Blue KC did not file plans by May 15, but didn’t indicate at that point that they would exit the exchange, instead requesting “flexibility” from the state insurance department, amid concerns about market stability. But on May 24, Blue KC announced that they would exit the ACA-compliant individual market at the end of 2017, and would no longer offer ACA-compliant plans on or off the exchange in Kansas or Missouri (this exit did not impact Blue KC employer-sponsored plans, short-term plans, student health plans, Medicare Advantage plans, Medigap plans, or any of their grandmothered or grandfathered individual market plans). Blue KC noted that they had lost more than $100 million in the ACA-compliant market through 2016, a level that they deemed unsustainable.
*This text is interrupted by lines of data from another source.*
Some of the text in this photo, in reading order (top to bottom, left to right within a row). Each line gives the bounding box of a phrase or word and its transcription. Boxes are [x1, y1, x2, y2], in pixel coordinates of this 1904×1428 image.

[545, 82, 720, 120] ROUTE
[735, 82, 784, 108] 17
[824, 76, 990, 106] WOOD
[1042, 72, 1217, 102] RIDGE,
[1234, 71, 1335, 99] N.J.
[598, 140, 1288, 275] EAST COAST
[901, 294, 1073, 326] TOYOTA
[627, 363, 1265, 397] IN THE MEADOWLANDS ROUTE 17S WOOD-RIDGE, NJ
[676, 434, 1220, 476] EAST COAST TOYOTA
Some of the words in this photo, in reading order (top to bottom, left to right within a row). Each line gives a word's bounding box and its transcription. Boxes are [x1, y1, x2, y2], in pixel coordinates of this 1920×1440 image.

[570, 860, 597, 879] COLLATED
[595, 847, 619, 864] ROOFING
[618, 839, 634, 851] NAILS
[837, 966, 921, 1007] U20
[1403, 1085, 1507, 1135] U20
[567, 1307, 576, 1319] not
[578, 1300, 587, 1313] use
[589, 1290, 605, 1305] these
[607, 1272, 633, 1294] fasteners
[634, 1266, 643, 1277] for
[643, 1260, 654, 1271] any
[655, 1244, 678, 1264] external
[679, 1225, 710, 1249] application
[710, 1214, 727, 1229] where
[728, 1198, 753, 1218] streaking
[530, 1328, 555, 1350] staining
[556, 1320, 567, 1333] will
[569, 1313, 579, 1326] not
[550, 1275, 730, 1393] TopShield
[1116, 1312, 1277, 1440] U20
Blue KC’s exit had a bigger impact in Missouri, where Blue KC plans were offered in 30 counties in 2017. But it had a significant impact in Johnson and Wyandotte counties in Kansas, where Blue KC offered coverage in 2017 (Blue KC was only available in those two counties in Missouri in 2017; the rest of the state was covered by Blue Cross Blue Shield of Kansas Solutions). Between the two states, roughly 67,000 people had to secure new coverage during open enrollment, which began on November 1, 2017, and continued until December 15, 2017 (there was a special enrollment period, however, for people whose plans terminated at the end of 2017; they had until March 1, 2018 to pick a new plan).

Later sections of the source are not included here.